Description of the task:
Restating the data word for word is all that is required.
[Extracted material — start]
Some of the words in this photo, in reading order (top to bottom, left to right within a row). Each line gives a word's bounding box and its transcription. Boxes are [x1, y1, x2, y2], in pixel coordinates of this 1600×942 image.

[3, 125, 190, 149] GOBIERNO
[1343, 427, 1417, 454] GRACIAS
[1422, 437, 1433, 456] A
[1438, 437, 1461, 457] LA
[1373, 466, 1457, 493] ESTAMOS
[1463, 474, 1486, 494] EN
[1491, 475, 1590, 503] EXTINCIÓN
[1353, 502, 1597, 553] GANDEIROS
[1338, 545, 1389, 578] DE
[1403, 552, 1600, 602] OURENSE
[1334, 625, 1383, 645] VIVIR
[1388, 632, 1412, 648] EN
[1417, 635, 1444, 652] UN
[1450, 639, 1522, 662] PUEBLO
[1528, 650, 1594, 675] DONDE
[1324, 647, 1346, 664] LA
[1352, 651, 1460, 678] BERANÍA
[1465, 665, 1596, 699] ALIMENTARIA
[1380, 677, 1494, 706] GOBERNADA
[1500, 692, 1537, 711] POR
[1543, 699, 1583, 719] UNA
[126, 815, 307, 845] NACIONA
[Extracted material — finish]
Response area:
Some of the words in this photo, in reading order (top to bottom, left to right within a row). Each line gives a word's bounding box and its transcription. Boxes are [x1, y1, x2, y2], in pixel coordinates of this 1600×942 image.

[3, 125, 190, 149] GOBIERNO
[1343, 427, 1417, 454] GRACIAS
[1422, 437, 1433, 456] A
[1438, 437, 1461, 457] LA
[1373, 466, 1457, 493] ESTAMOS
[1463, 474, 1486, 494] EN
[1491, 475, 1590, 503] EXTINCIÓN
[1353, 502, 1597, 553] GANDEIROS
[1338, 545, 1389, 578] DE
[1403, 552, 1600, 602] OURENSE
[1334, 625, 1383, 645] VIVIR
[1388, 632, 1412, 648] EN
[1417, 635, 1444, 652] UN
[1450, 639, 1522, 662] PUEBLO
[1528, 650, 1594, 675] DONDE
[1324, 647, 1346, 664] LA
[1352, 651, 1460, 678] BERANÍA
[1465, 665, 1596, 699] ALIMENTARIA
[1380, 677, 1494, 706] GOBERNADA
[1500, 692, 1537, 711] POR
[1543, 699, 1583, 719] UNA
[126, 815, 307, 845] NACIONA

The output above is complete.